|Regional usage||Global (ICS)|
|Time scale(s) used||ICS Time Scale|
|Time span formality||Formal|
|Lower boundary definition||First appearance of the conodont Hindeodus parvus|
|Lower boundary GSSP||Meishan, Zhejiang, China|
31°04′47″N 119°42′21″E / 31.0798°N 119.7058°E
|Lower GSSP ratified||2001|
|Upper boundary definition||First appearance of the ammonite Psiloceras spelae tirolicum|
|Upper boundary GSSP||Kuhjoch section, Karwendel mountains, Northern Calcareous Alps, Austria|
47°29′02″N 11°31′50″E / 47.4839°N 11.5306°E
|Upper GSSP ratified||2010|
The Triassic (/traɪˈæsɪk/ try-ASS-ik; sometimes symbolized 🝈) is a geologic period and system which spans 50.6 million years from the end of the Permian Period 251.902 million years ago (Mya), to the beginning of the Jurassic Period 201.36 Mya. The Triassic is the first and shortest period of the Mesozoic Era. Both the start and end of the period are marked by major extinction events. The Triassic Period is subdivided into three epochs: Early Triassic, Middle Triassic and Late Triassic.
The Triassic began in the wake of the Permian–Triassic extinction event, which left the Earth's biosphere impoverished; it was well into the middle of the Triassic before life recovered its former diversity. Three categories of organisms can be distinguished in the Triassic record: survivors from the extinction event, new groups that flourished briefly, and other new groups that went on to dominate the Mesozoic Era. Reptiles, especially archosaurs, were the chief terrestrial vertebrates during this time. A specialized subgroup of archosaurs, called dinosaurs, first appeared in the Late Triassic but did not become dominant until the succeeding Jurassic Period. Archosaurs that became dominant in this period were primarily pseudosuchians, ancestors of modern crocodilians, while some archosaurs specialized in flight, the first time among vertebrates, becoming the pterosaurs.
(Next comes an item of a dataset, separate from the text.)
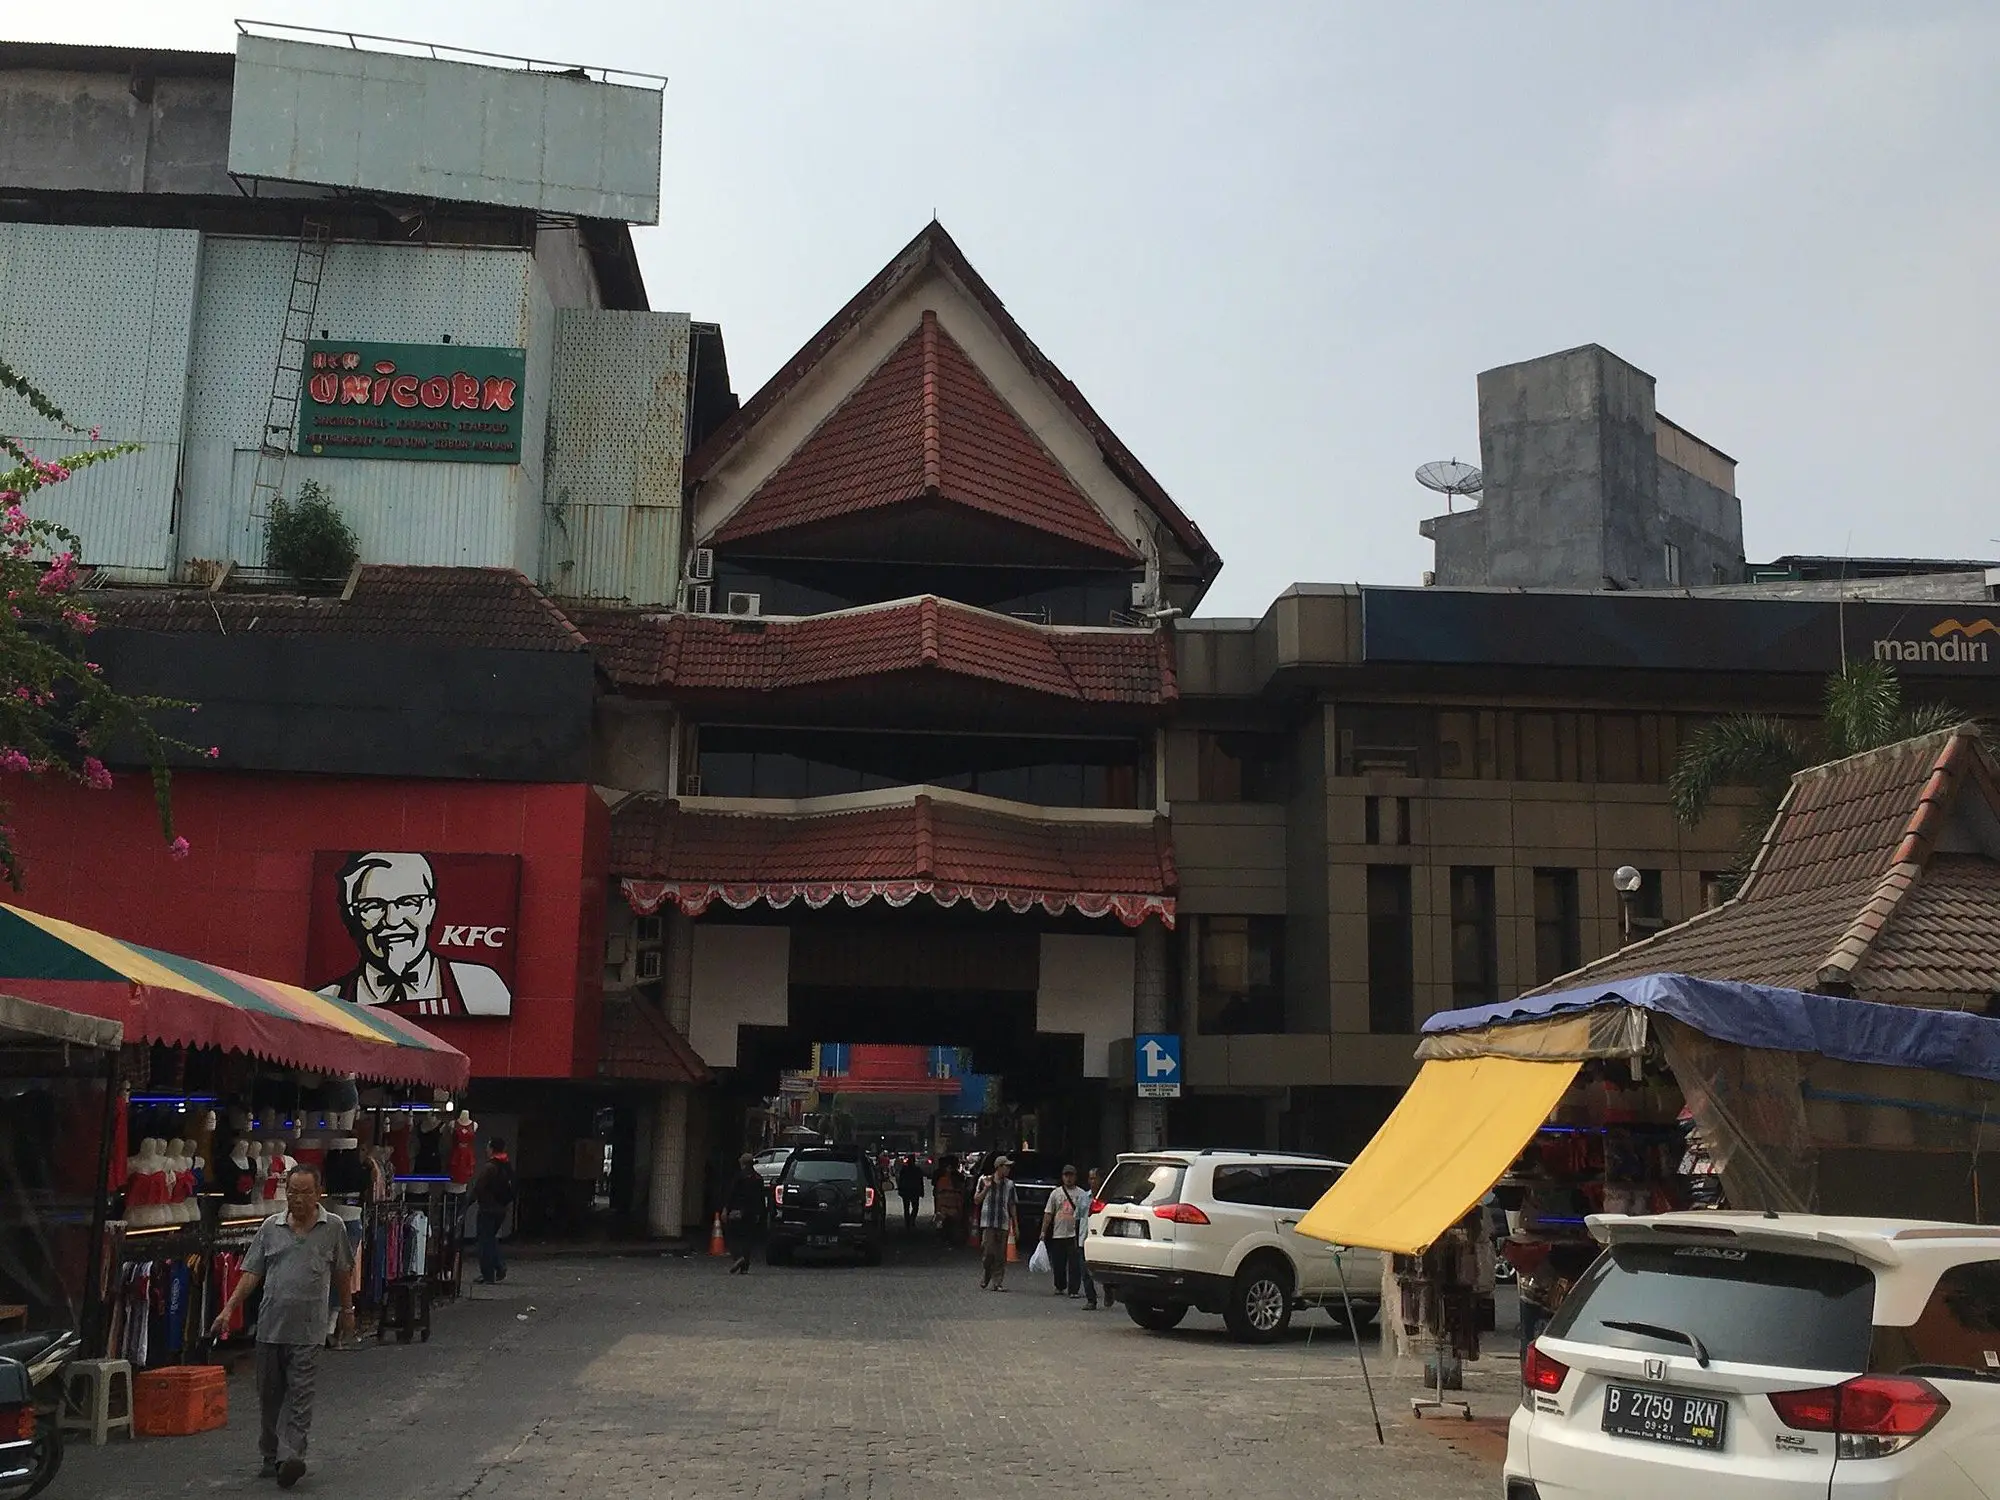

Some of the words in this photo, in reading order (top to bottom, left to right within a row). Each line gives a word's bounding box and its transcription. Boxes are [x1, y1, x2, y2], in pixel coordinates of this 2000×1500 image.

Therapsids, the dominant vertebrates of the preceding Permian period, declined throughout the period. The first true mammals, themselves a specialized subgroup of therapsids, also evolved during this period. The vast supercontinent of Pangaea existed until the mid-Triassic, after which it began to gradually rift into two separate landmasses, Laurasia to the north and Gondwana to the south.
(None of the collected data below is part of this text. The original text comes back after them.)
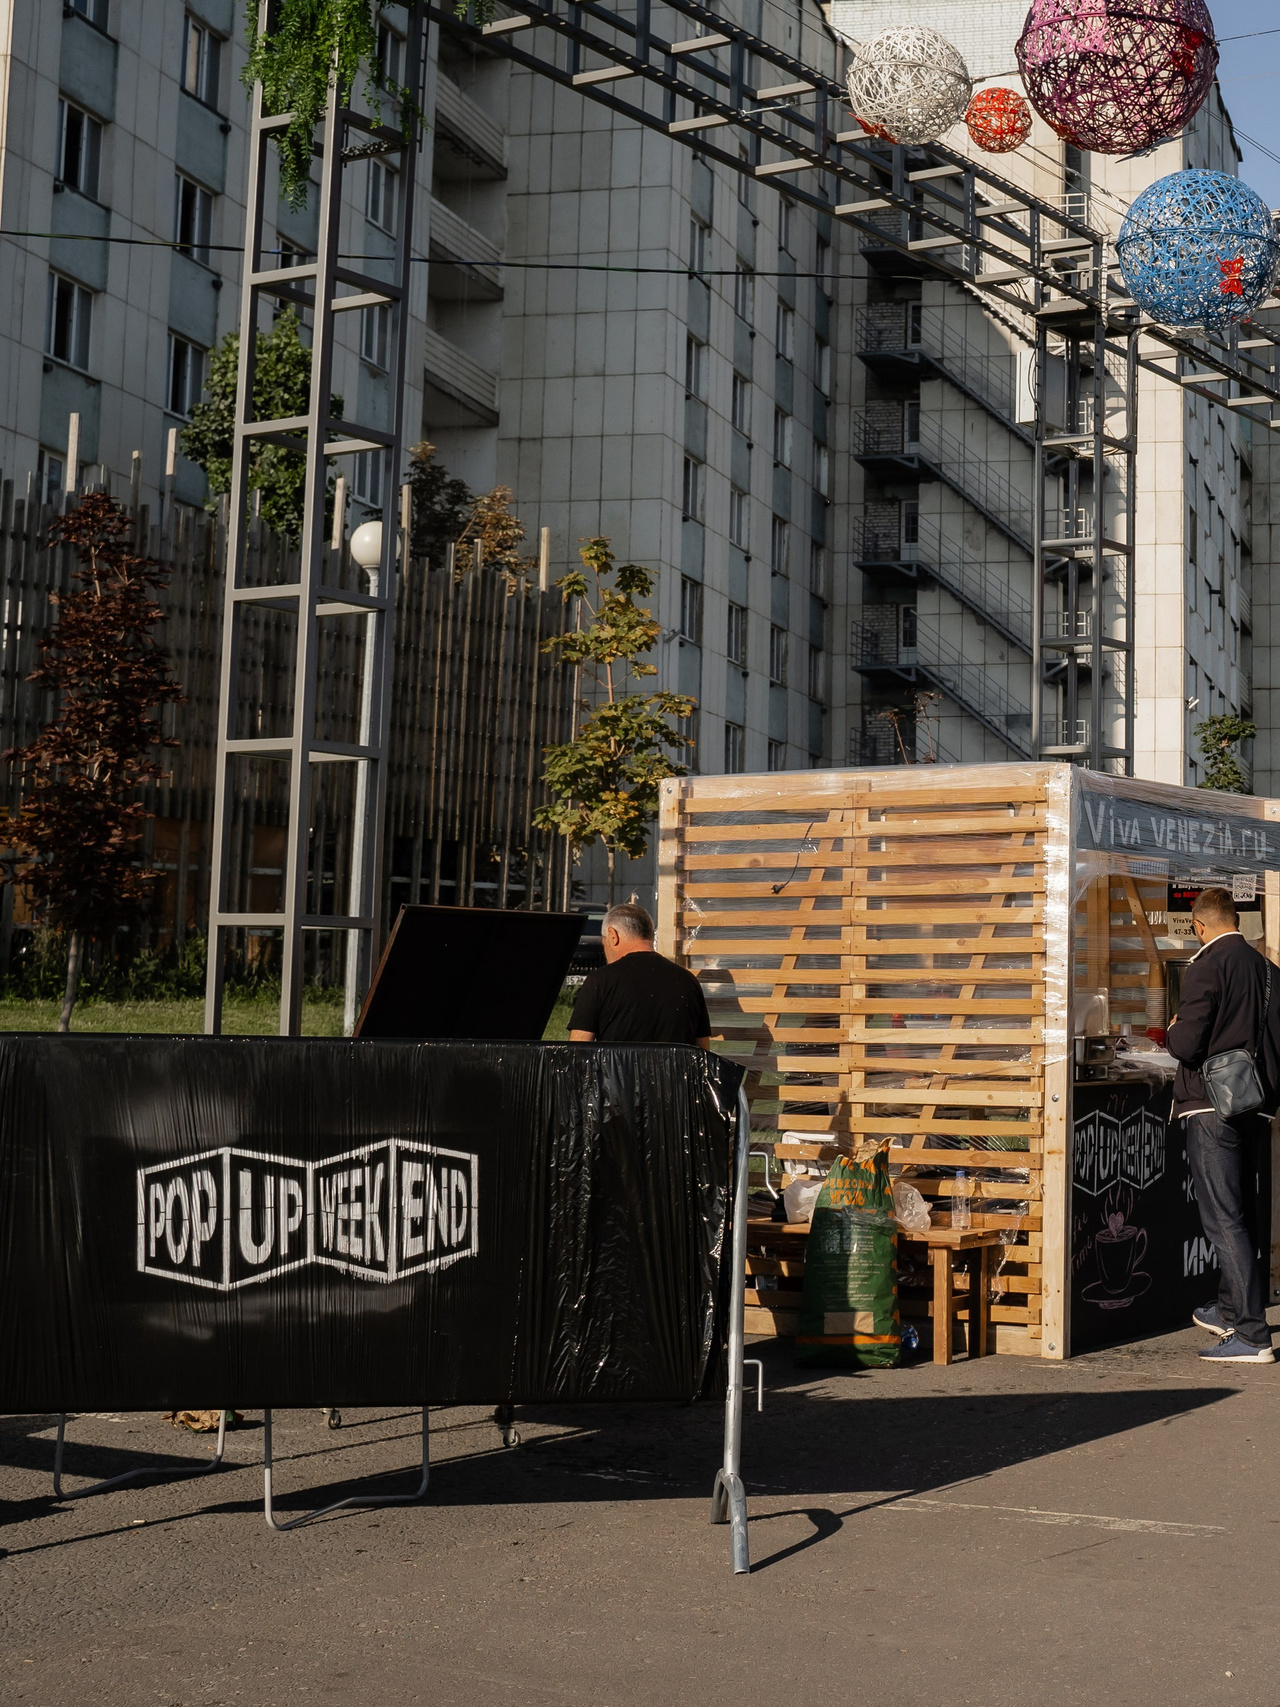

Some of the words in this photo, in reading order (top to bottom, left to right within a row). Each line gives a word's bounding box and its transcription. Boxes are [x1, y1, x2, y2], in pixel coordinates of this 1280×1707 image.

[1174, 928, 1192, 936] 47-33
[1074, 1123, 1095, 1181] POP
[1099, 1125, 1118, 1181] UP
[1144, 1121, 1163, 1181] END
[149, 1169, 217, 1267] POP
[239, 1168, 303, 1264] UP
[320, 1162, 385, 1264] WEEK
[402, 1160, 468, 1259] END
The global climate during the Triassic was mostly hot and dry, with deserts spanning much of Pangaea's interior. However, the climate shifted and became more humid as Pangaea began to drift apart. The end of the period was marked by yet another major mass extinction, the Triassic–Jurassic extinction event, that wiped out many groups, including most pseudosuchians, and allowed dinosaurs to assume dominance in the Jurassic.